[Task brief] Your answer should consist of the lines below that hold the word "Sycuan".

[Dataset entries]
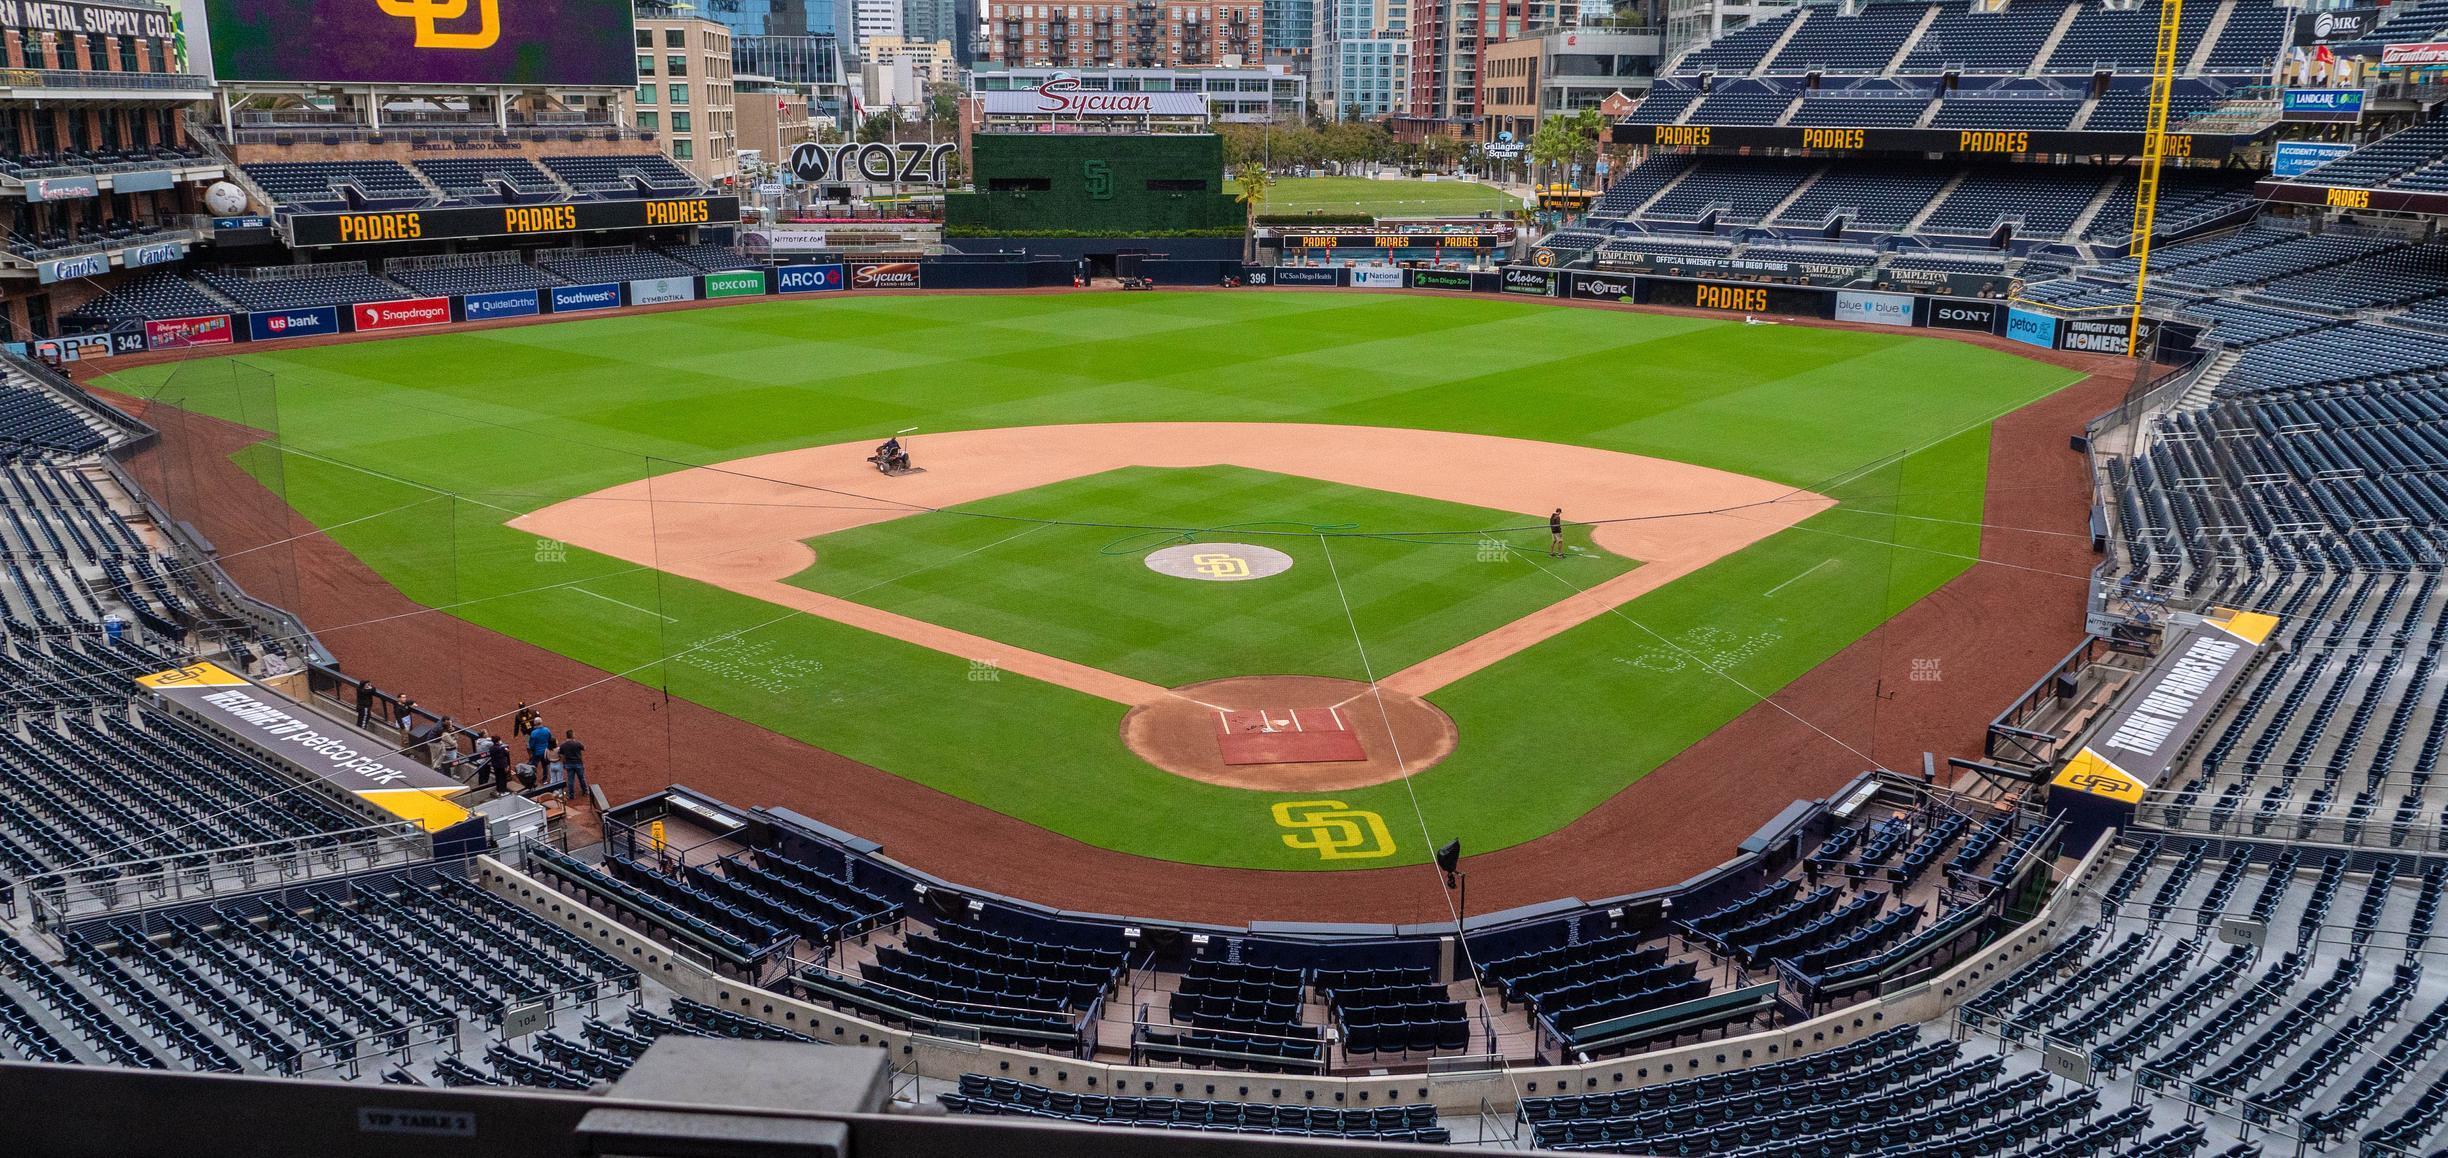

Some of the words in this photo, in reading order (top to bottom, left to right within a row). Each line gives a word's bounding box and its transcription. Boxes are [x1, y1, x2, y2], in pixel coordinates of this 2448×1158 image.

[25, 2, 82, 32] METAL
[83, 8, 140, 36] SUPPLY
[145, 13, 169, 38] CO.
[2333, 16, 2361, 29] MRC
[1037, 78, 1154, 121] Sycuan
[2296, 93, 2336, 106] LANDCARE
[2336, 93, 2361, 104] LOGIC
[1655, 126, 1710, 146] PADRES
[1803, 128, 1864, 149] PADRES
[1960, 131, 2028, 152] PADRES
[412, 143, 453, 151] ESTRELLA
[455, 143, 486, 151] JALISCO
[1483, 142, 1524, 152] Gallagher
[1489, 150, 1518, 159] Square
[835, 142, 957, 183] razr
[2327, 188, 2369, 208] PADRES
[505, 206, 576, 233] PADRES
[646, 200, 709, 225] PADRES
[339, 213, 421, 242] PADRES
[1303, 237, 1337, 247] PADRES
[1375, 236, 1409, 247] PADRES
[1445, 236, 1479, 247] PADRES
[137, 245, 174, 265] Canel's
[1597, 251, 1644, 262] TEMPLETON
[1656, 255, 1685, 265] OFFICIAL
[1686, 258, 1716, 267] WHISKEY
[1732, 260, 1744, 268] SAN
[1745, 261, 1763, 270] DIEGO
[1764, 262, 1788, 271] PADRES
[55, 257, 99, 281] Canel's
[856, 265, 914, 287] Sycuan
[1300, 273, 1314, 281] Diego
[1369, 272, 1400, 280] National
[1506, 270, 1545, 284] Chosen
[1800, 264, 1855, 276] TEMPLETON
[1889, 269, 1948, 283] TEMPLETON
[781, 272, 825, 287] ARCO
[1250, 273, 1267, 284] 396
[1440, 277, 1457, 286] Diego
[1577, 280, 1628, 295] EVOTEK
[482, 298, 535, 312] QuidelOrtho
[557, 289, 609, 306] Southwest
[642, 293, 685, 304] CYMBIOTIKA
[1696, 284, 1768, 312] PADRES
[383, 306, 444, 321] Snapdragon
[1839, 299, 1862, 310] blue
[1875, 302, 1899, 314] blue
[270, 317, 286, 330] us
[287, 314, 319, 328] bank
[1939, 309, 1990, 323] SONY
[2010, 316, 2038, 335] petco
[2072, 321, 2108, 334] HUNGRY
[2109, 323, 2127, 335] FOR
[39, 336, 110, 360] ORS
[118, 334, 143, 351] 342
[2066, 333, 2130, 353] HOMERS
[2185, 636, 2241, 666] FANS
[2155, 657, 2224, 695] PADRES
[201, 689, 292, 730] WELCOME
[2137, 690, 2200, 720] YOU
[275, 719, 309, 742] TO
[2105, 711, 2179, 757] THANK
[289, 730, 356, 763] petco
[342, 755, 408, 785] park
[1271, 799, 1397, 860] SD
[2232, 927, 2252, 940] 103
[517, 1014, 536, 1028] 104
[2056, 1056, 2075, 1071] 101
[367, 1112, 393, 1125] VIP
[398, 1114, 452, 1129] TABLE
[456, 1117, 467, 1130] 2

[Answer space]
[1037, 78, 1154, 121] Sycuan
[856, 265, 914, 287] Sycuan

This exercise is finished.